# Reproducible Fraud Detection with LakeFS

## 1. Project Overview

**Goal:** This project demonstrates a Data-Centric MLOps pipeline for detecting credit card fraud. Unlike traditional scripts, we use **LakeFS** to provide Git-like version control for our data and models.

## 2. The Dataset

We are using the **Credit Card Fraud Detection** dataset (anonymized real-world transactions).
* **Challenge:** The dataset is highly imbalanced (**0.17% fraud** vs. 99.83% legitimate).
* **Implication:** Standard accuracy metrics are misleading (a dummy model predicting "legit" every time gets 99.8% accuracy). We must prioritize **F1-Score** and **Recall**.

## 3. The Tool: LakeFS

**LakeFS** creates a versioning layer over our object storage. It allows us to:
* **Commit** data snapshots (just like Git commits code).
* **Branch** data for isolated experiments.
* **Revert** changes if data becomes corrupted.

In [1]:
# Execute this entire cell only once if you run into any errors
#!pip install lakefs-client
#!pip install lakefs-client imbalanced-learn
#!pip install xgboost lightgbm tensorflow

In [2]:
from LakeFS_Fraud_utils import LakeFSDataHandler, preprocess_data_pro, train_and_eval, save_confusion_matrix, save_roc_curve, save_pr_curve
import pandas as pd
import os
import io
from sklearn.metrics import classification_report
import numpy as np

## Setup

In [3]:
LAKEFS_HOST = 'http://host.docker.internal:8000' 
REPO_NAME = 'creditcard-fraud'
ACCESS_KEY = 'YOUR_ACCESS_KEY' 
SECRET_KEY = 'YOUR_SECRET_KEY'

handler = LakeFSDataHandler(LAKEFS_HOST, ACCESS_KEY, SECRET_KEY, REPO_NAME)

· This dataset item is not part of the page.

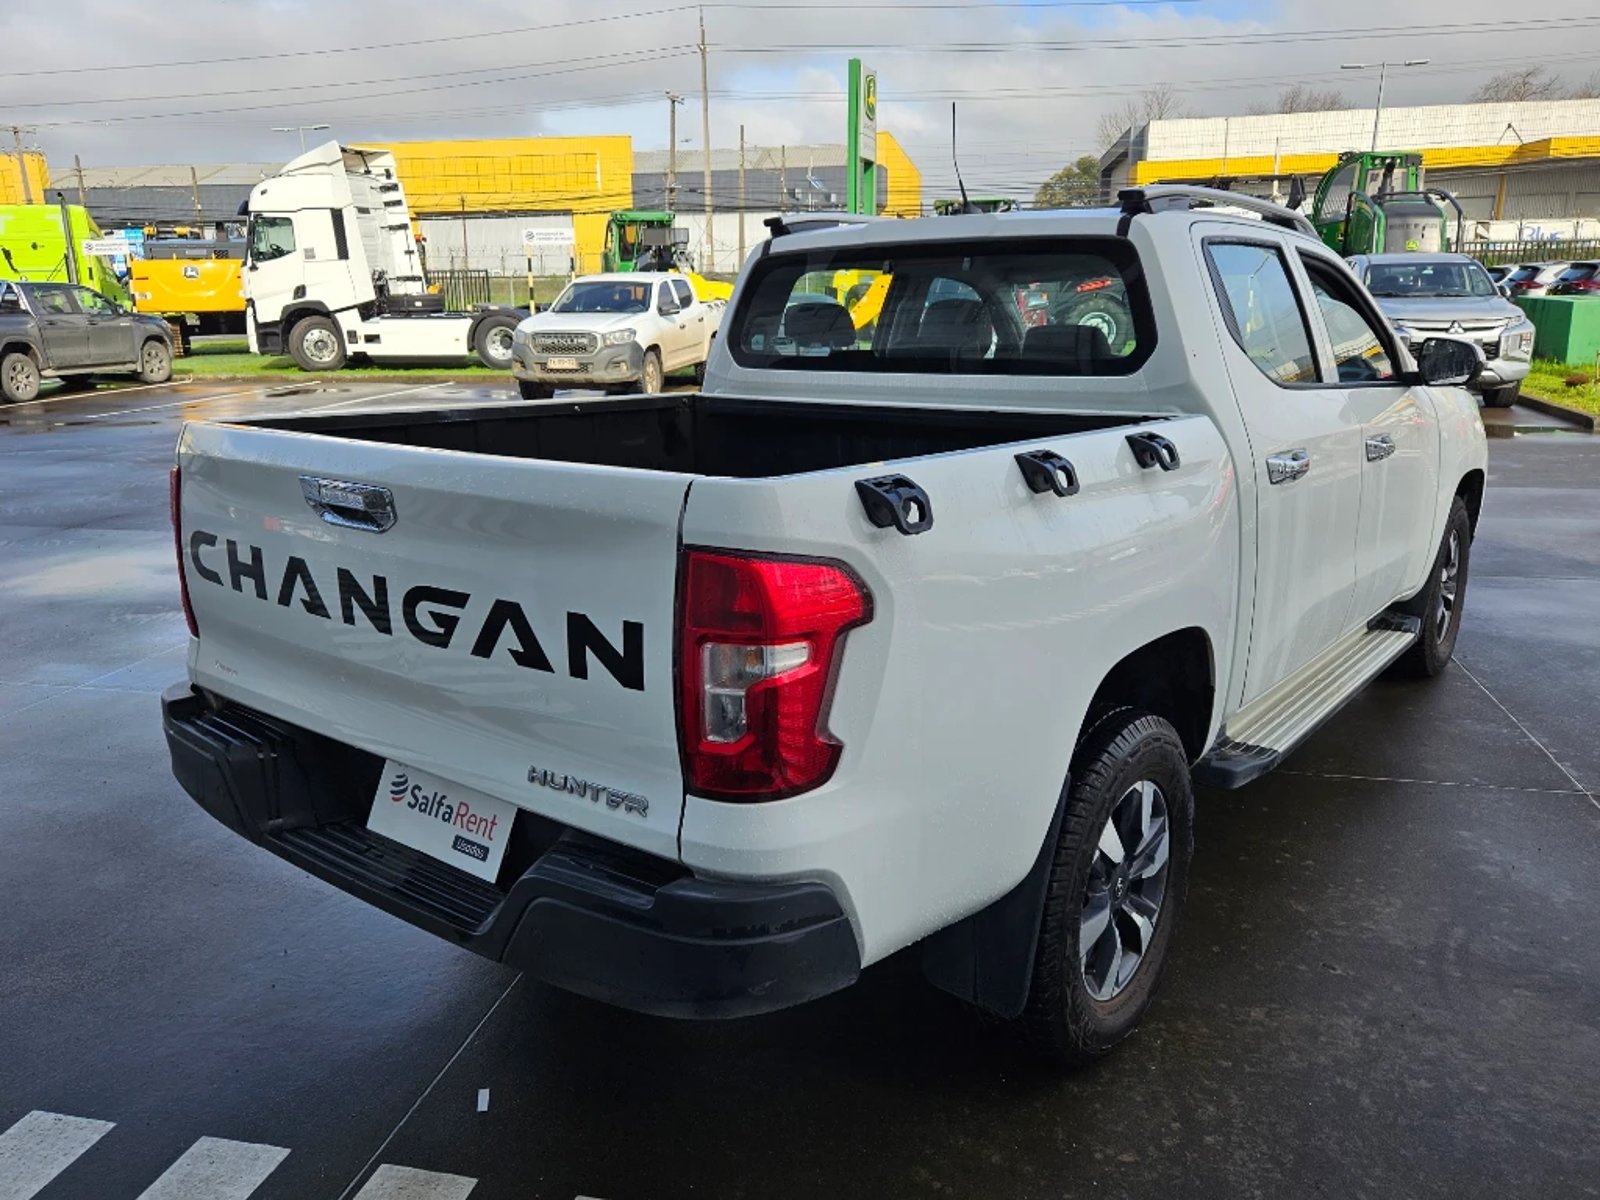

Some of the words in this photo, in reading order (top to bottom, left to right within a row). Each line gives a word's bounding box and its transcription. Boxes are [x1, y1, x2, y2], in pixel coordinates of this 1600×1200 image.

[190, 529, 645, 692] CHANGAN
[408, 783, 498, 841] SalfaRent
[527, 765, 649, 817] HUNTER

## Phase 1: Ingestion, Feature Engineering & Immutable Baseline

### Aim
To establish a "Golden Record" of our training data. We will load the raw CSV, generate new predictive features, apply critical preprocessing, and **commit** the result to the `main` branch.

### Methodology
1.  **Feature Engineering:**
    * **Time $\rightarrow$ Hour of Day:** We convert the raw timestamp (seconds) into an `Hour` feature (0-23) to capture circadian patterns in fraud.
    * **Amount $\rightarrow$ LogAmount:** Transaction amounts are highly skewed. We apply a Log transformation (`log1p`) to normalize the distribution for linear models.
2.  **SMOTE (Synthetic Minority Over-sampling Technique):** Since fraud cases are rare (0.17%), we synthesize new fraud examples to balance the training set.
3.  **Standard Scaling:** We normalize the features (V1-V28, Hour, LogAmount) so algorithms like Neural Networks converge faster.
4.  **LakeFS Commit:** We upload the processed `train.csv` and `test.csv` to LakeFS and commit them.

### Inference
By committing these files to `main`, we ensure that every subsequent experiment starts from the **exact same data snapshot** (including our engineered features), guaranteeing reproducibility.

In [4]:
# Load Raw Data
print("Loading raw data...")
df = pd.read_csv('creditcard.csv')
print(f"Original Shape: {df.shape}")

# FEATURE ENGINEERING (Task Requirement)
# Extract 'Hour' from 'Time' (Capture daily cycles). We take the floor and mod 24 to get hour 0-23.
df['Hour'] = df['Time'].apply(lambda x: np.floor(x / 3600)) % 24

# Log Transform 'Amount' (Handle extreme skewness)
df['LogAmount'] = np.log1p(df['Amount'])

# Drop the original raw columns (Model will use the new engineered ones)
df = df.drop(['Time', 'Amount'], axis=1)

print(f"New Features Added: ['Hour', 'LogAmount']")
print(f"Shape after Engineering: {df.shape}")

# 3. PREPROCESSING & UPLOAD
# Apply SMOTE and Scaling (wrapped in helper function)
print("\nApplying SMOTE and Standard Scaling...")
train_df, test_df = preprocess_data_pro(df)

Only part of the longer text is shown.